Located on Poltalloch Road, Narrung, near Meningie, Poltalloch Station was established in 1839 by Neill Malcolm who came to South Australia from Poltalloch Estate in Scotland. In the 1870s Poltalloch was purchased by John Bowman who had been in the area since he overlanded 2,000 sheep in 1839. The property has remained in the Bowman family since 1880. In 1974 it was opened for accommodation and tours. The Homestead was built in 1876. It is a beautiful Victorian mansion surrounded by a working farm which is essentially a sheep and cattle station. The outbuildings resemble a small village and include substantial stables, a coach house, barns, a woolshed and the overseer's accommodation. It is open for tours which take around 90 minutes and overnight accommodation in either the Station Hand's Cottage, the Overseer's Cottage, or the Boundary Rider's Cottage. Bookings are essential. Tel (08) 8574 0043 or check out http://poltalloch.com.au.
The Narrung ferry transports road traffic between Lake Albert and Lake Alexandrina. It is necessary to take the ferry across to the Tailem Bend side of the lake to reach Portalloch Station. It is a free 24 hour service which can take 8-12 vehicles on each journey. It only takes a few minutes to cross. Check out https://coorongcountry.com.au/narrung-ferry/ for more information.
Point Malcolm Lighthouse
Located 40 km from Meningie via Portalloch, the Point Malcolm Lighthouse is not only the smallest, but also the only, inland lighthouse in Australia. It was established to help guide paddle steamers across Lake Albert and Lake Alexandrina. Built in 1878 it is only seven metres high and was named after Neill Malcolm who had taken up land which subsequently became Portalloch Station.. It was built for £605. The light was finally turned off in 1931. By that time very few boats were using the lakes.

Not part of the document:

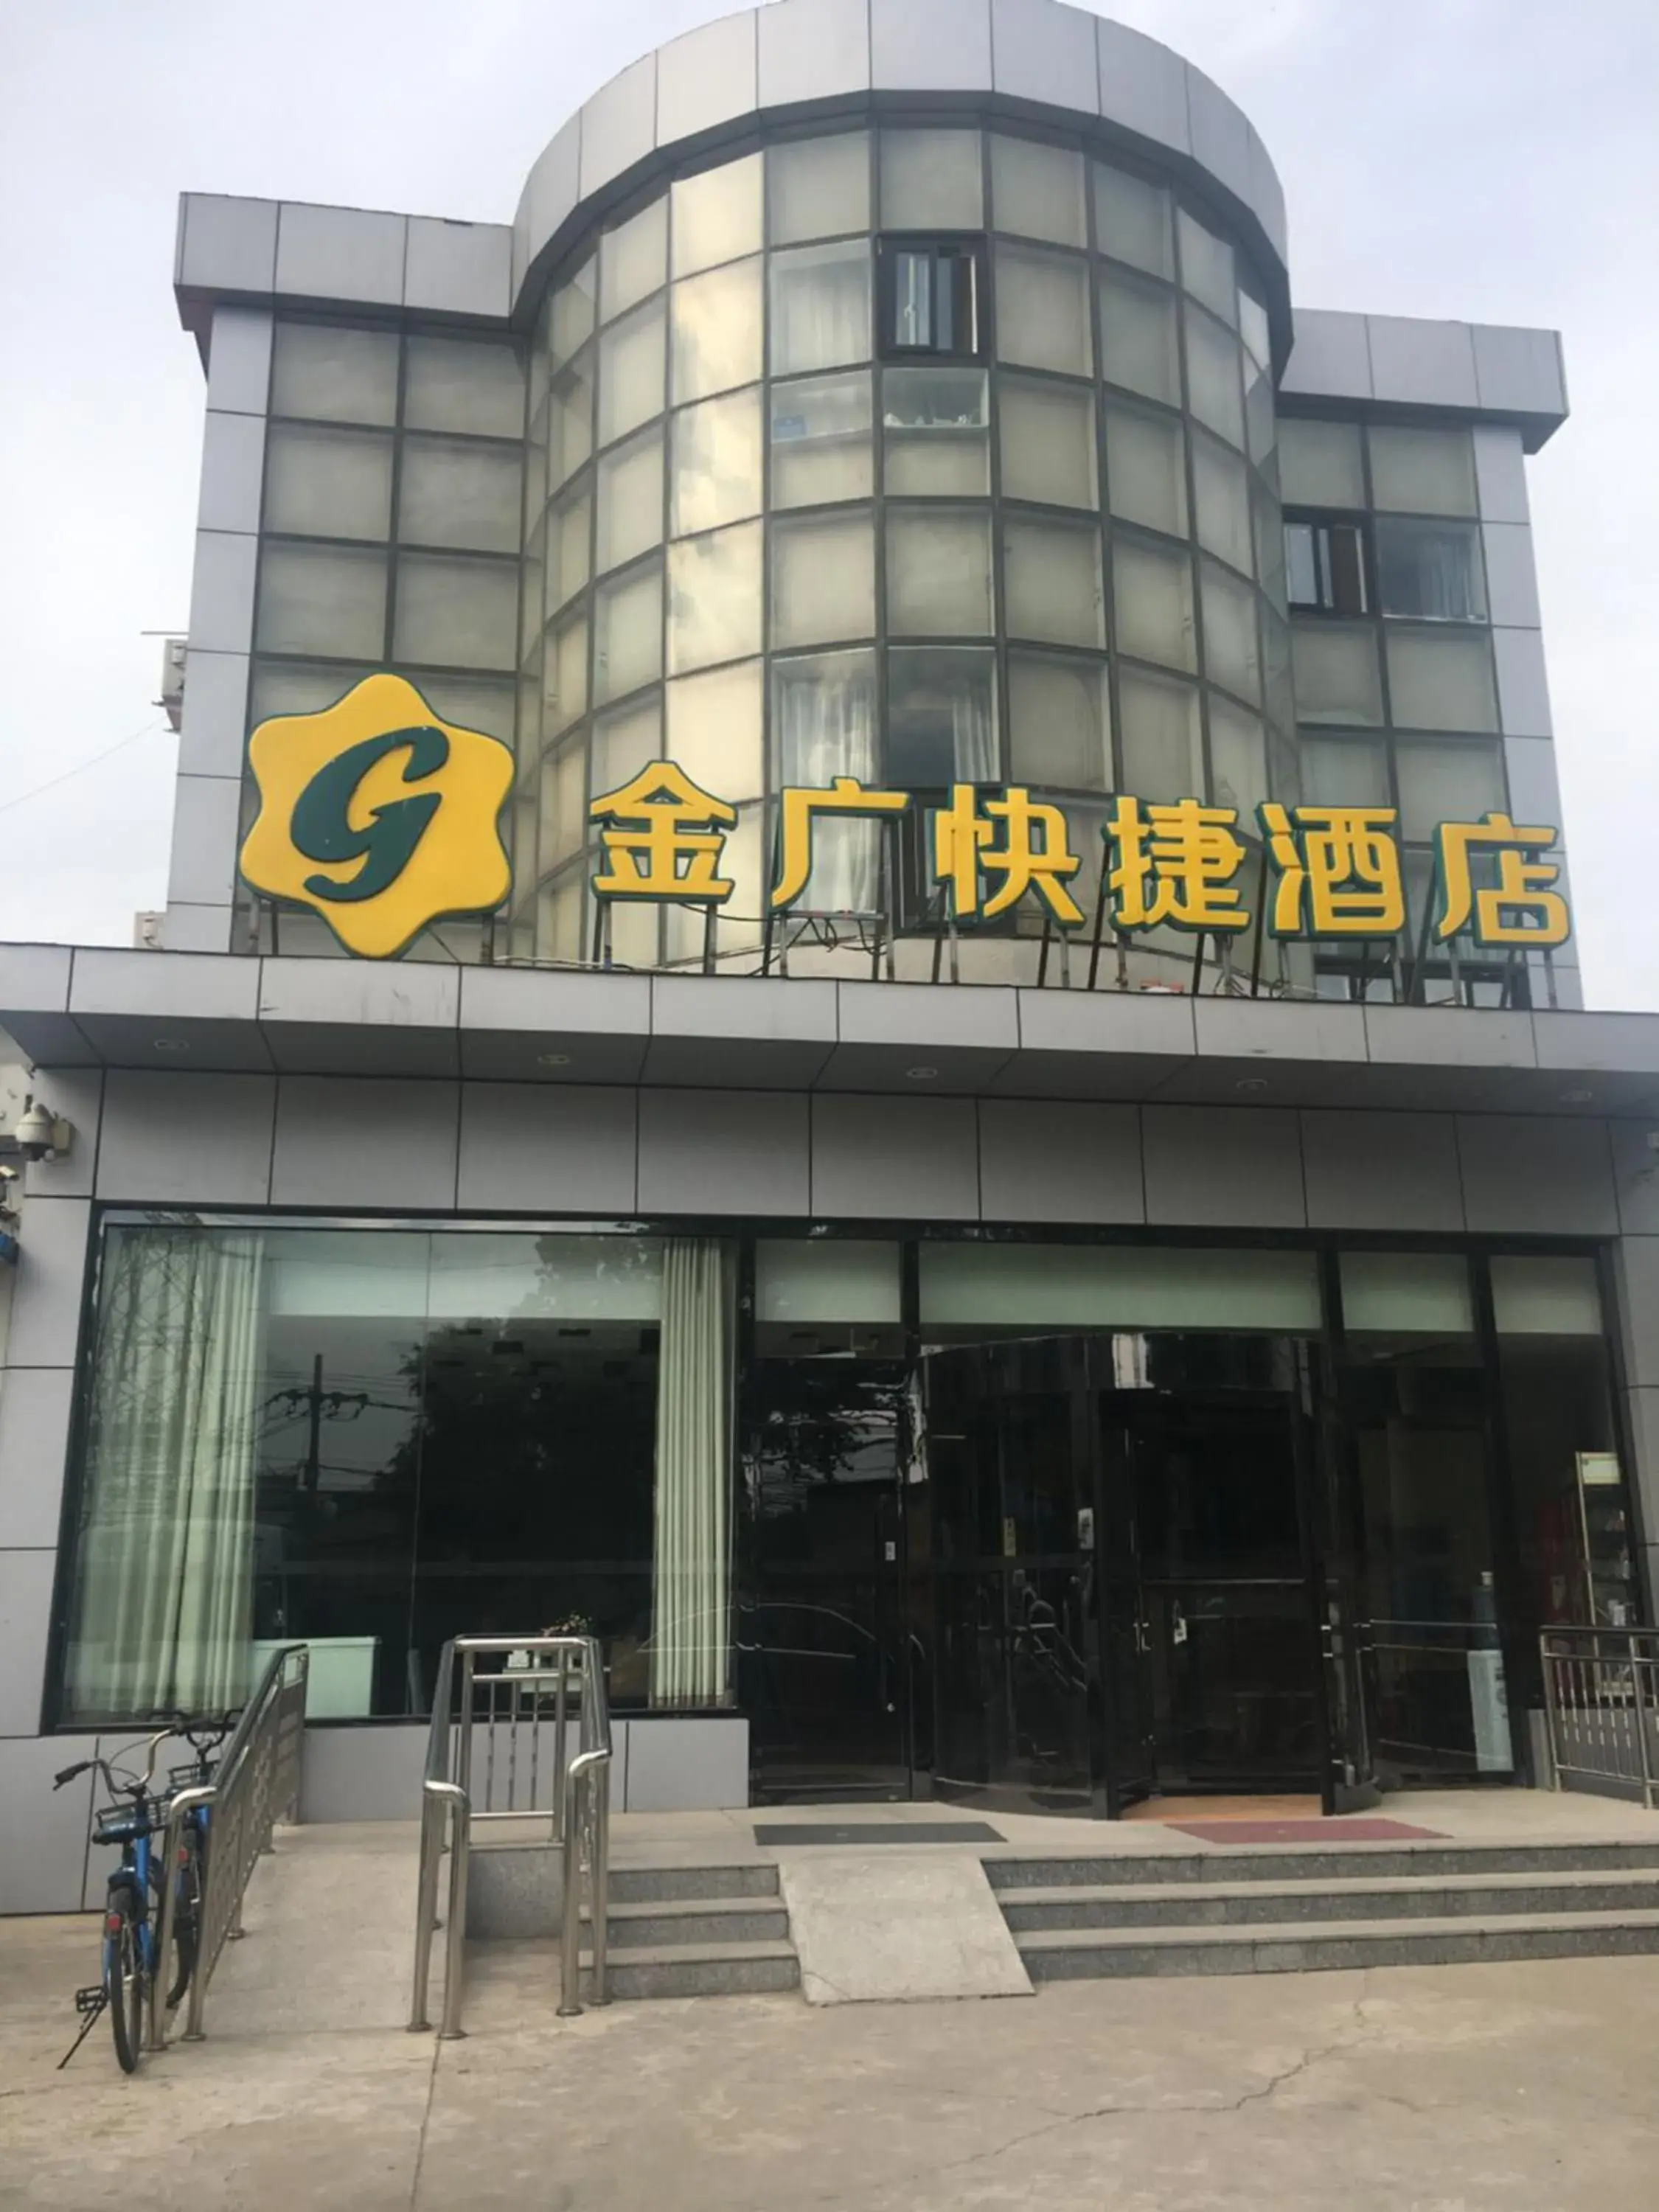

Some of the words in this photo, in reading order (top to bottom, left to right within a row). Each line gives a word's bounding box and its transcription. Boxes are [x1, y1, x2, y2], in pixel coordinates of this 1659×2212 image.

[589, 761, 1570, 946] 金广快捷酒店

Located 43 km north-west of Meningie just beyond the entrance to Lake Albert, Raukkan is an Aboriginal settlement made famous by being the birthplace of David Unaipon, the inventor and author whose image is on the $50 note. The Raukkan Church was built in 1869. The other major attraction is the impressive mural by Guido van Helten, the artist responsible for the famous silo art at Brim in Victoria. He painted local Aboriginal faces on the wall of the Moorundi, the local Aboriginal Health Service.
Exploring The Coorong
There are three sensible ways to explore The Coorong:
(i) take a cruise from Goolwa which crosses the mouth of the Murray at Lake Alexandrina and has passengers alighting on Younghusband Peninsula, walking across to the ocean side and seeing the long, beautiful beach which runs the length of the area.
(ii) drive down the Princes Highway from Meningie stopping at the various points of interest - check out the pelicans at Jack Point, go for a walk at Salt Creek, inspect the historic ruins of the Chinaman's Well and learn about the Chinese who were dropped off to walk all the way to Victoria, visit 42 Mile Crossing. Stop at lookouts and admire the rich birdlife of the Coorong lagoon.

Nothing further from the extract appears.